The listing below should be printed exactly, though its pictures must not be.
[[ DATA SHOWN open ]]
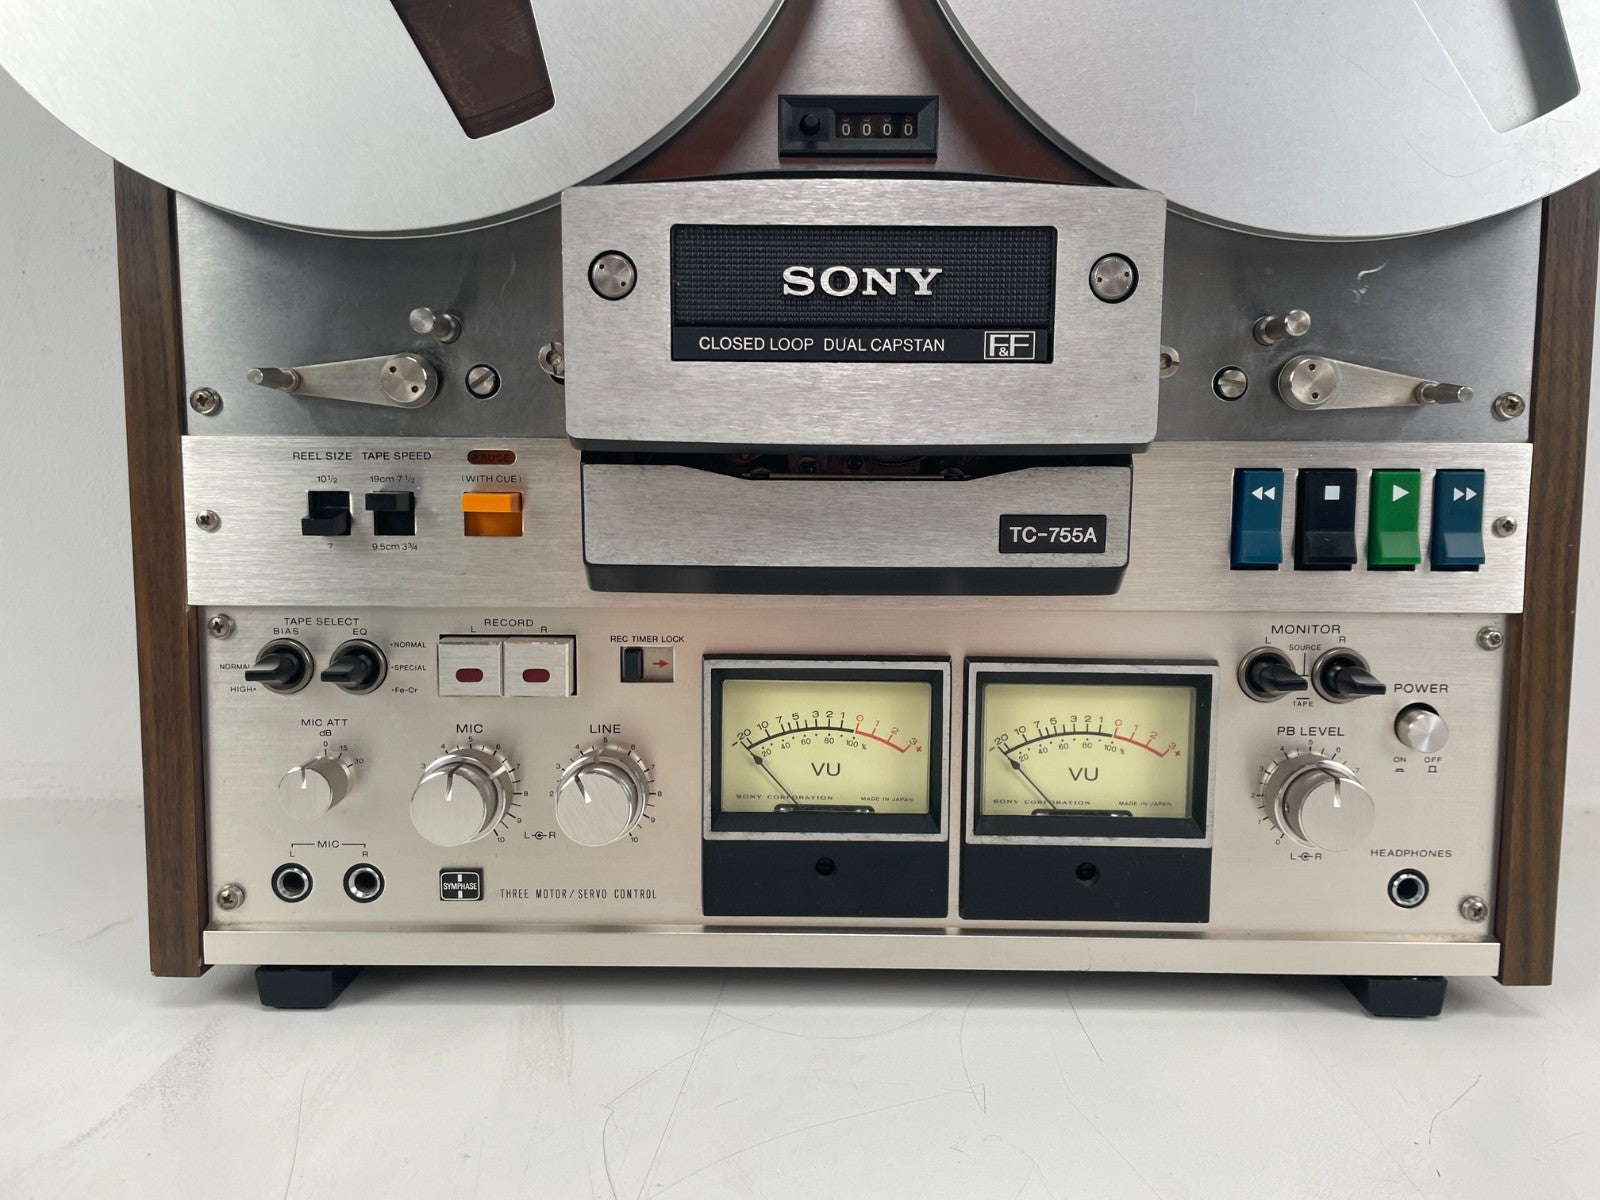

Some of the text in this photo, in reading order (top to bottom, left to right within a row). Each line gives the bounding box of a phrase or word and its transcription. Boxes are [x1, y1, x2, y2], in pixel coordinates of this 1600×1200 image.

[782, 265, 943, 297] SONY
[699, 336, 945, 352] CLOSED LOOP DUAL CAPSTAN
[293, 452, 353, 460] REEL SIZE
[362, 452, 432, 460] TAPE SPEED
[473, 453, 510, 462] PAUSE
[370, 475, 395, 483] 19cm
[461, 474, 522, 483] (WITH CUE)
[1009, 526, 1097, 543] TC-755A
[284, 618, 360, 626] TAPE SELECT
[484, 618, 534, 627] RECORD
[352, 628, 368, 636] EQ
[1271, 624, 1341, 634] MONITOR
[610, 635, 685, 643] REC TIMER LOCK
[1339, 636, 1346, 644] R
[1394, 683, 1449, 693] POWER
[301, 719, 348, 727] MIC ATT
[756, 721, 769, 730] 10
[792, 712, 800, 720] 5
[812, 710, 820, 718] 3
[826, 710, 834, 718] 2
[856, 714, 864, 722] 0
[891, 727, 899, 735] 2
[456, 724, 484, 734] MIC
[589, 724, 621, 734] LINE
[1014, 725, 1027, 736] 10
[1033, 720, 1040, 729] 7
[1050, 717, 1057, 725] 5
[1070, 715, 1078, 723] 3
[1084, 715, 1092, 723] 2
[1114, 719, 1123, 727] 0
[1150, 731, 1158, 740] 2
[1277, 726, 1345, 736] PB LEVEL
[320, 729, 332, 737] dB
[761, 748, 772, 757] 20
[781, 742, 791, 750] 40
[1019, 753, 1029, 762] 20
[1058, 742, 1069, 751] 60
[811, 763, 841, 777] VU
[1068, 767, 1099, 782] VU
[317, 840, 340, 848] MIC
[1370, 849, 1452, 858] HEADPHONES
[442, 882, 478, 890] SYMPHASE
[500, 889, 529, 899] THREE
[614, 889, 657, 899] CONTROL
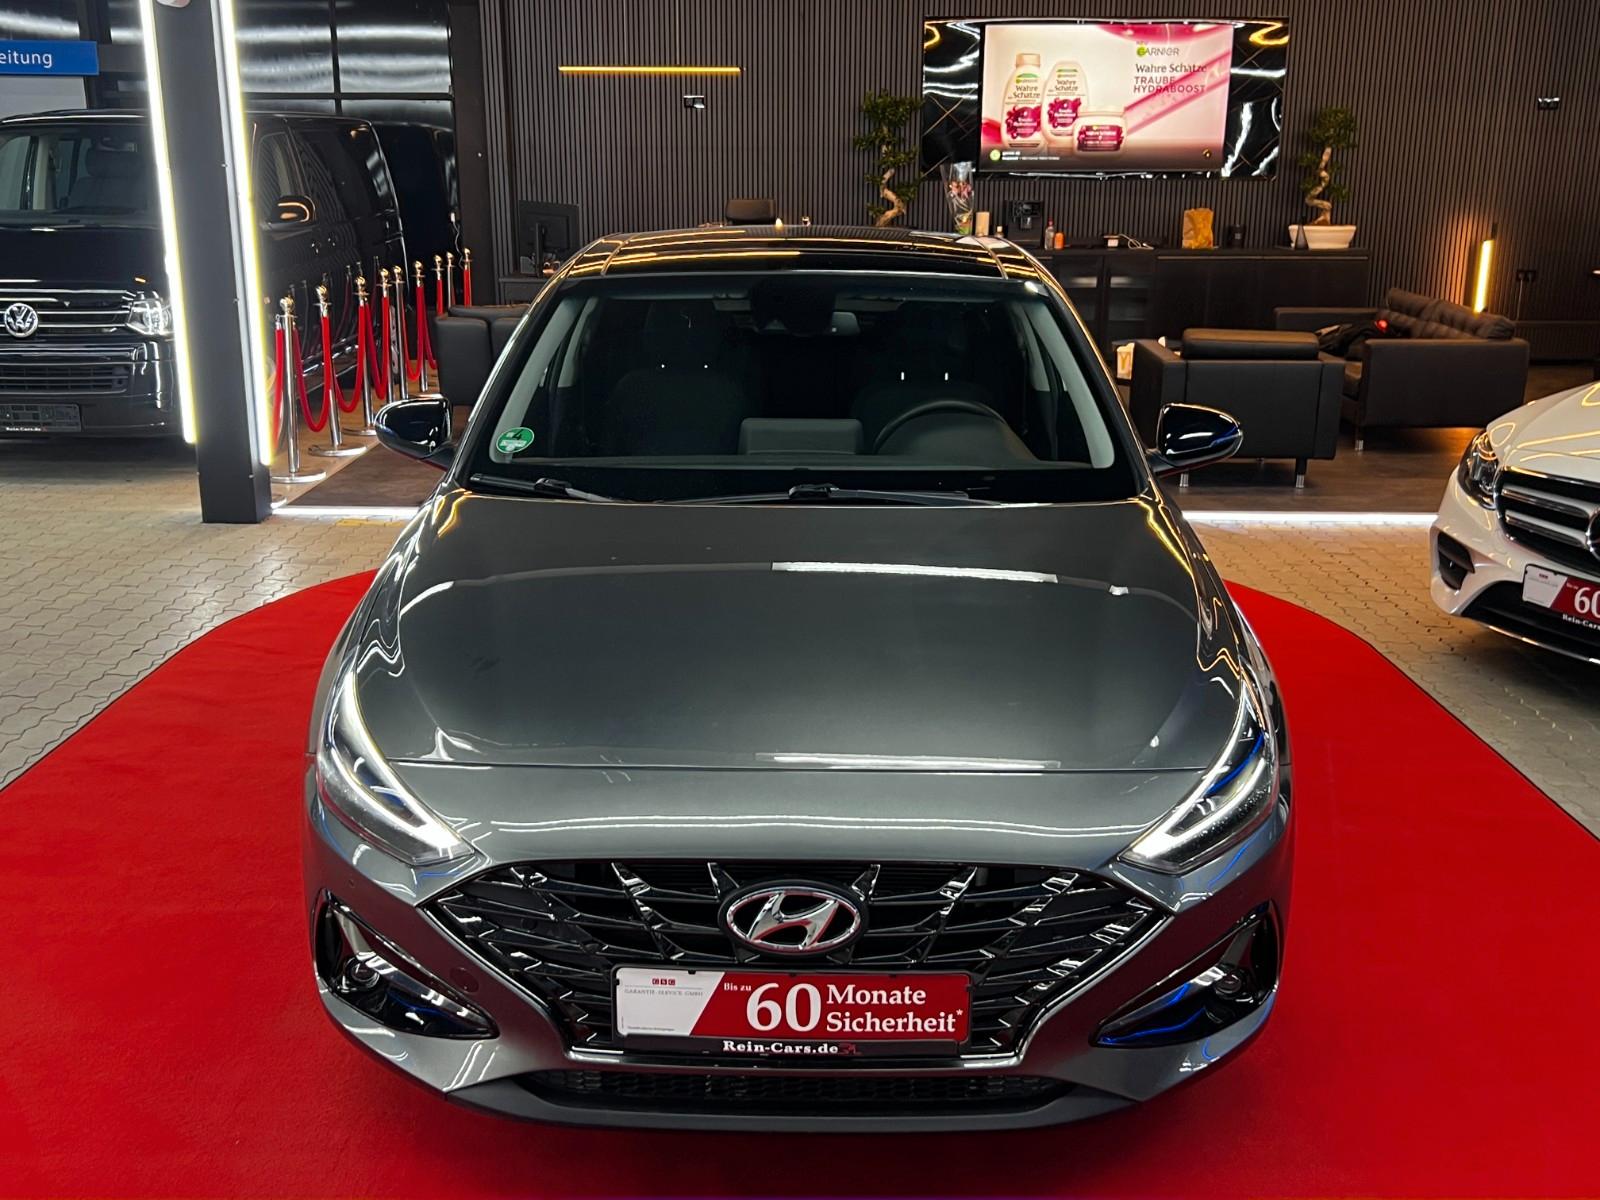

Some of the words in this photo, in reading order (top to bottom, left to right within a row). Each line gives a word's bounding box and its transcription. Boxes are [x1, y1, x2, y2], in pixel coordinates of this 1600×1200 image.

[1136, 46, 1180, 57] GARNIER
[0, 50, 53, 69] eitung
[1135, 63, 1167, 73] Wahre
[1134, 76, 1176, 85] TRAUBE
[1133, 85, 1206, 94] HYDRABOOST
[723, 982, 738, 991] Bis
[739, 984, 752, 992] zu
[826, 984, 927, 1006] Monate
[746, 982, 822, 1032] 60
[722, 1039, 839, 1054] Rein-Cars.de
[[ DATA SHOWN closed ]]
_ANSWER SPACE_
Some of the text in this photo, in reading order (top to bottom, left to right within a row). Each line gives the bounding box of a phrase or word and its transcription. Boxes are [x1, y1, x2, y2], in pixel coordinates of this 1600×1200 image.

[782, 265, 943, 297] SONY
[699, 336, 945, 352] CLOSED LOOP DUAL CAPSTAN
[293, 452, 353, 460] REEL SIZE
[362, 452, 432, 460] TAPE SPEED
[473, 453, 510, 462] PAUSE
[370, 475, 395, 483] 19cm
[461, 474, 522, 483] (WITH CUE)
[1009, 526, 1097, 543] TC-755A
[284, 618, 360, 626] TAPE SELECT
[484, 618, 534, 627] RECORD
[352, 628, 368, 636] EQ
[1271, 624, 1341, 634] MONITOR
[610, 635, 685, 643] REC TIMER LOCK
[1339, 636, 1346, 644] R
[1394, 683, 1449, 693] POWER
[301, 719, 348, 727] MIC ATT
[756, 721, 769, 730] 10
[792, 712, 800, 720] 5
[812, 710, 820, 718] 3
[826, 710, 834, 718] 2
[856, 714, 864, 722] 0
[891, 727, 899, 735] 2
[456, 724, 484, 734] MIC
[589, 724, 621, 734] LINE
[1014, 725, 1027, 736] 10
[1033, 720, 1040, 729] 7
[1050, 717, 1057, 725] 5
[1070, 715, 1078, 723] 3
[1084, 715, 1092, 723] 2
[1114, 719, 1123, 727] 0
[1150, 731, 1158, 740] 2
[1277, 726, 1345, 736] PB LEVEL
[320, 729, 332, 737] dB
[761, 748, 772, 757] 20
[781, 742, 791, 750] 40
[1019, 753, 1029, 762] 20
[1058, 742, 1069, 751] 60
[811, 763, 841, 777] VU
[1068, 767, 1099, 782] VU
[317, 840, 340, 848] MIC
[1370, 849, 1452, 858] HEADPHONES
[442, 882, 478, 890] SYMPHASE
[500, 889, 529, 899] THREE
[614, 889, 657, 899] CONTROL

Some of the words in this photo, in reading order (top to bottom, left to right within a row). Each line gives a word's bounding box and its transcription. Boxes are [x1, y1, x2, y2], in pixel coordinates of this 1600×1200 image.

[1136, 46, 1180, 57] GARNIER
[0, 50, 53, 69] eitung
[1135, 63, 1167, 73] Wahre
[1134, 76, 1176, 85] TRAUBE
[1133, 85, 1206, 94] HYDRABOOST
[723, 982, 738, 991] Bis
[739, 984, 752, 992] zu
[826, 984, 927, 1006] Monate
[746, 982, 822, 1032] 60
[722, 1039, 839, 1054] Rein-Cars.de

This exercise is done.